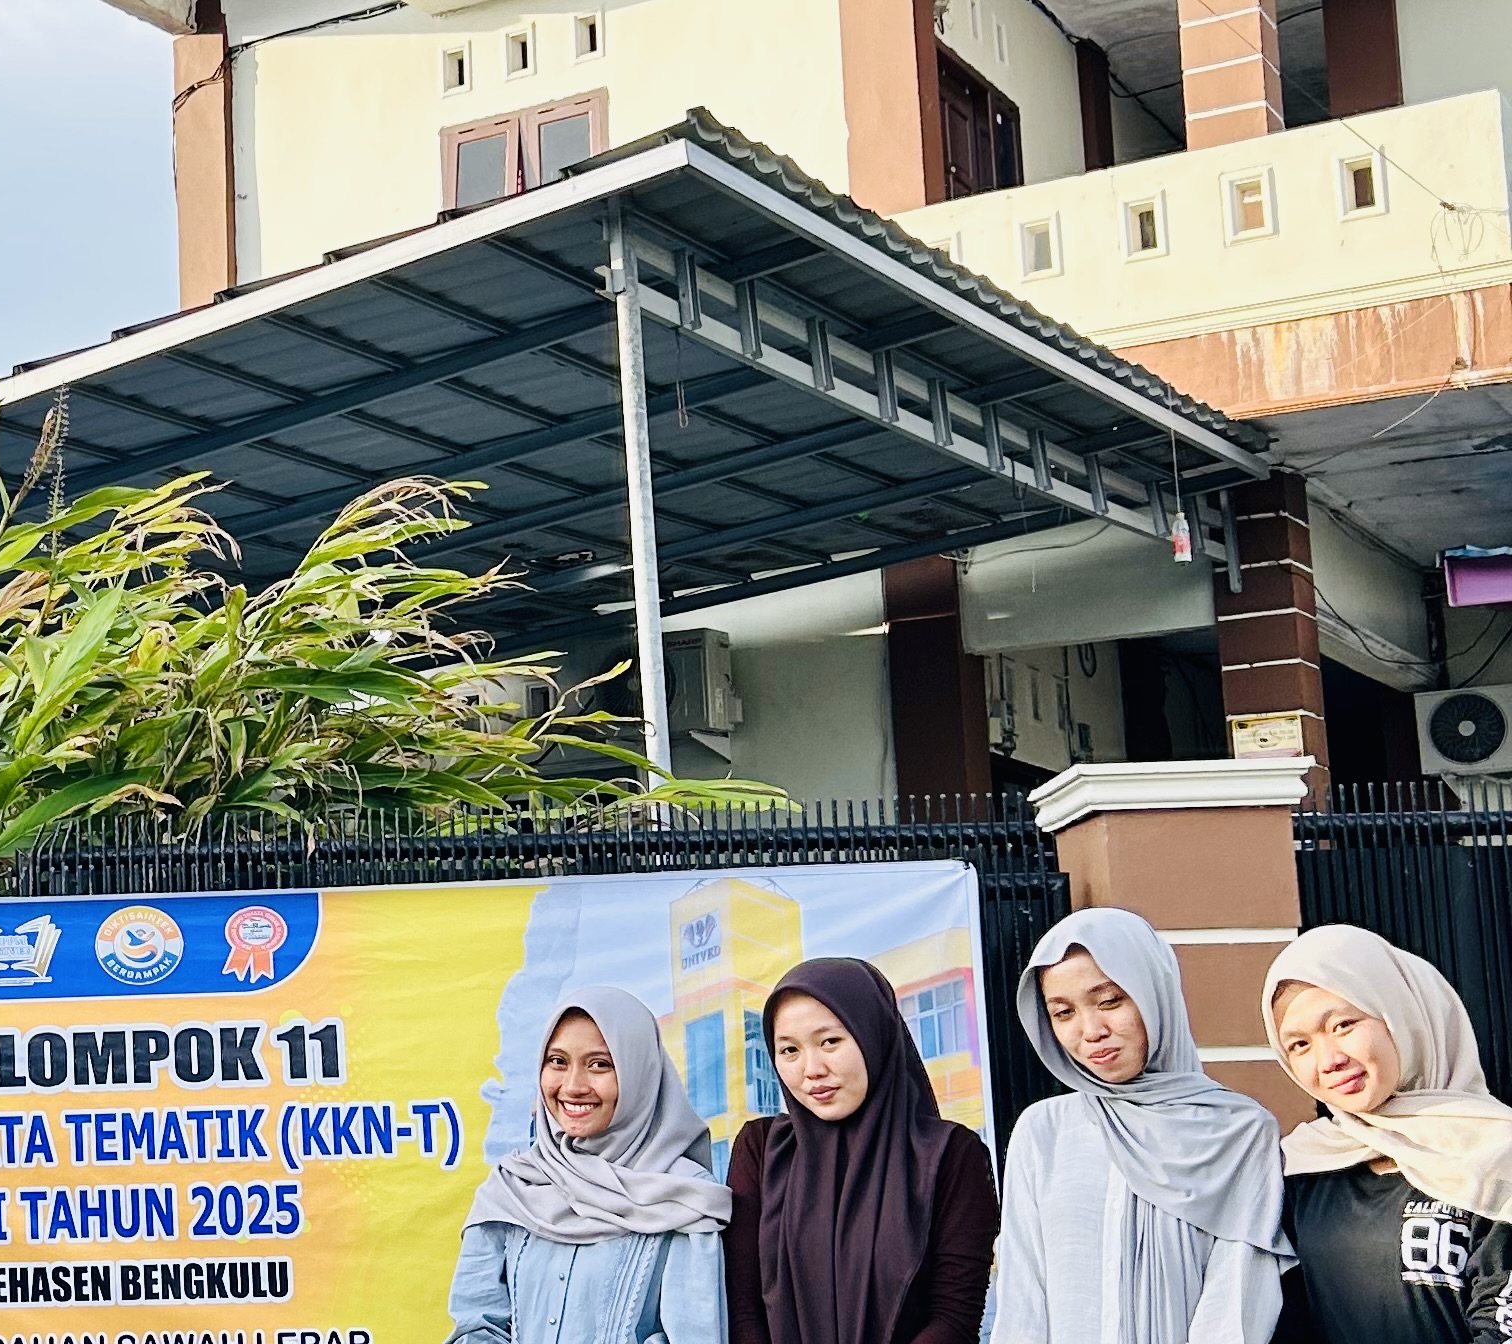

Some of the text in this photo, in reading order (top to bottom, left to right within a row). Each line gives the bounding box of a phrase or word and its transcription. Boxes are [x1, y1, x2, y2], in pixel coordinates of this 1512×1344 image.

[104, 912, 175, 936] DIKTISAINTEK
[107, 958, 173, 980] BERDAMPAK
[277, 1024, 340, 1079] 11
[65, 1109, 267, 1162] TEMATIK
[281, 1101, 460, 1170] (KKN-T)
[20, 1188, 175, 1240] TAHUN
[191, 1184, 300, 1236] 2025
[1401, 1217, 1472, 1276] 86
[120, 1261, 289, 1302] BENGKULU
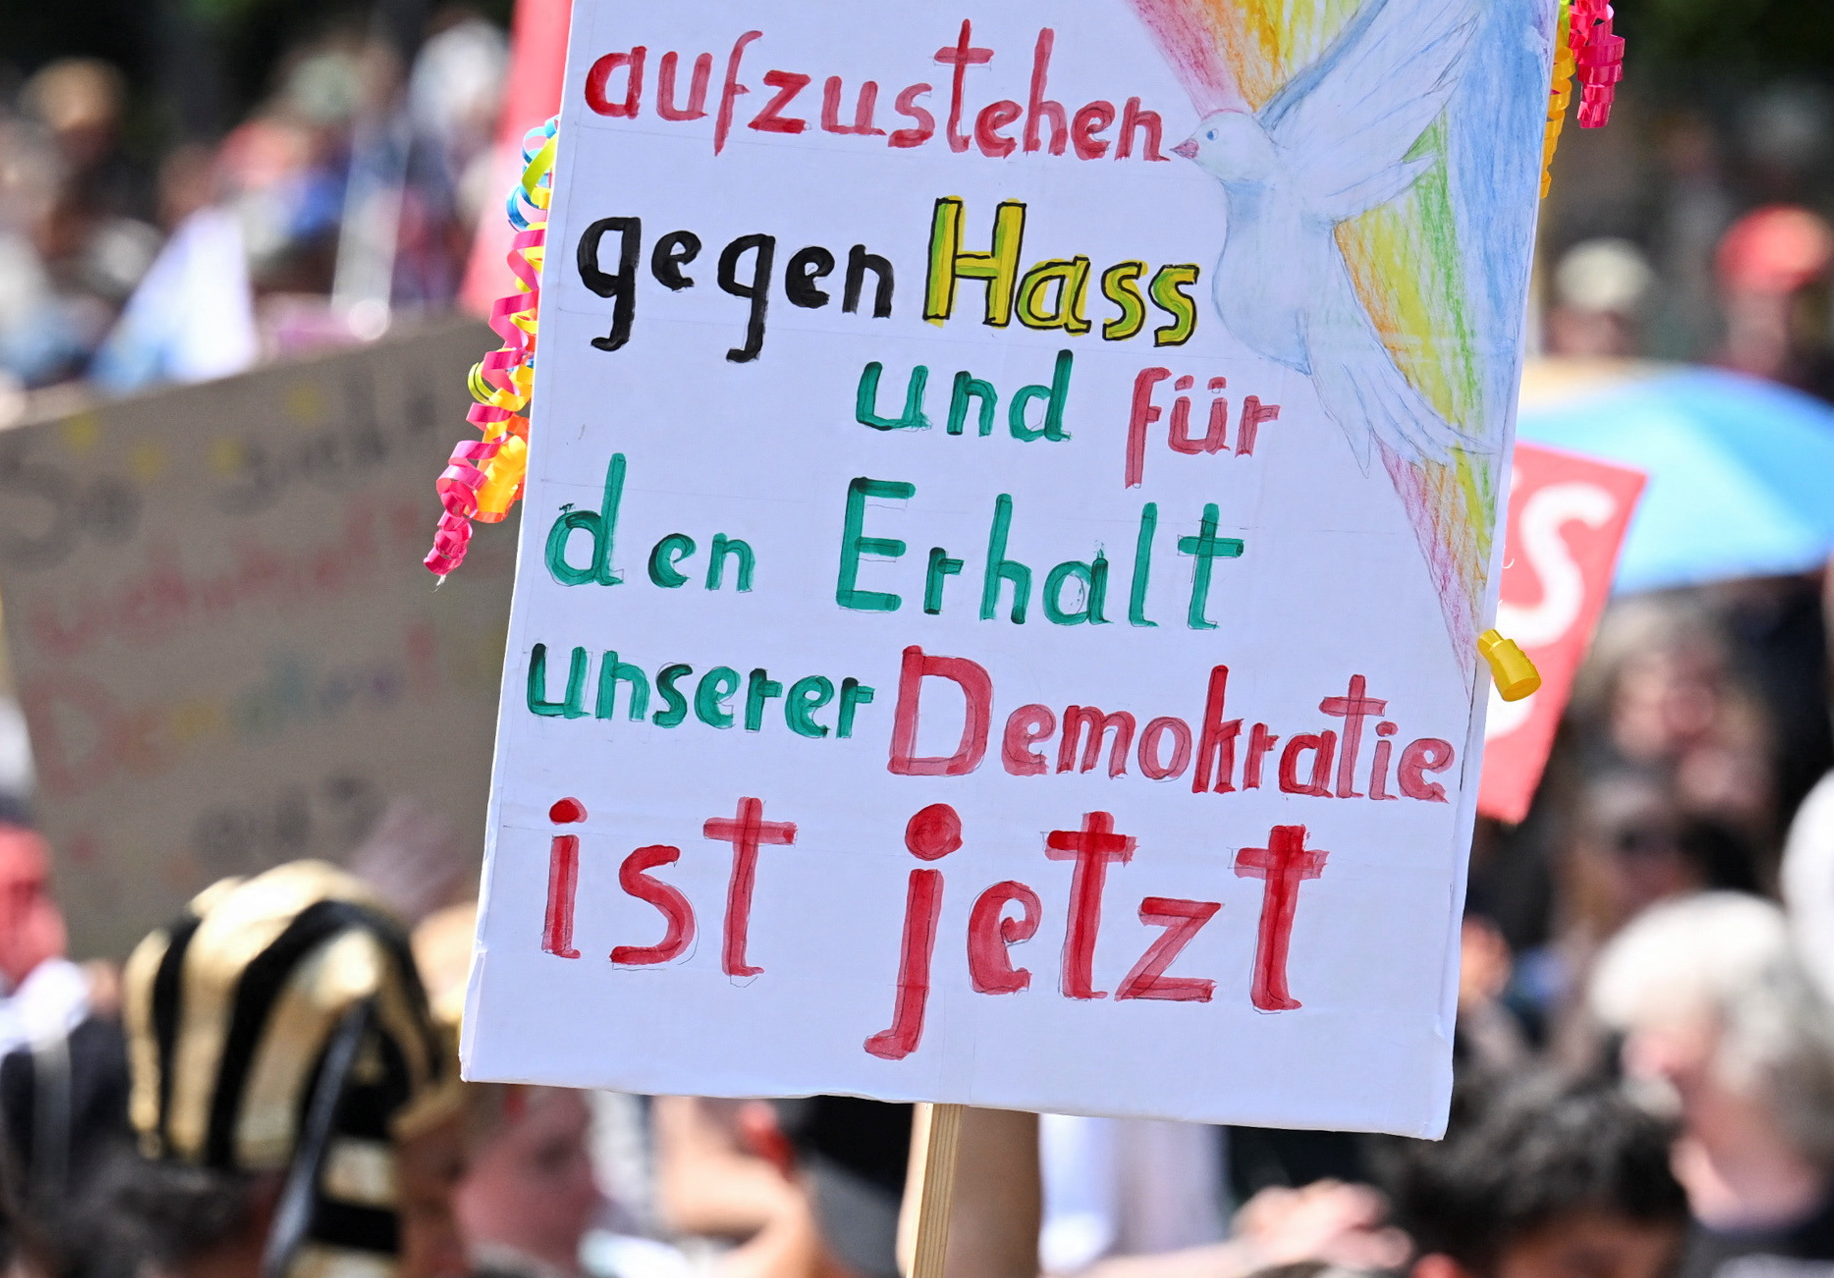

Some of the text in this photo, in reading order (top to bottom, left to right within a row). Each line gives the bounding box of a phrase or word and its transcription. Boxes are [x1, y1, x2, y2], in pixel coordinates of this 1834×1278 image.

===============

Return every entry above exactly as written, minus the pictures.

• RESULT FOR THIS TASK:
Some of the text in this photo, in reading order (top to bottom, left to right within a row). Each line gives the bounding box of a phrase or word and its transcription. Boxes are [x1, y1, x2, y2], in pixel coordinates of this 1512×1344 image.

[104, 912, 175, 936] DIKTISAINTEK
[107, 958, 173, 980] BERDAMPAK
[277, 1024, 340, 1079] 11
[65, 1109, 267, 1162] TEMATIK
[281, 1101, 460, 1170] (KKN-T)
[20, 1188, 175, 1240] TAHUN
[191, 1184, 300, 1236] 2025
[1401, 1217, 1472, 1276] 86
[120, 1261, 289, 1302] BENGKULU

Some of the text in this photo, in reading order (top to bottom, left to right within a row). Each line gives the bounding box of a phrase or word and its transcription. Boxes are [x1, y1, x2, y2], in pixel coordinates of this 1834×1278 image.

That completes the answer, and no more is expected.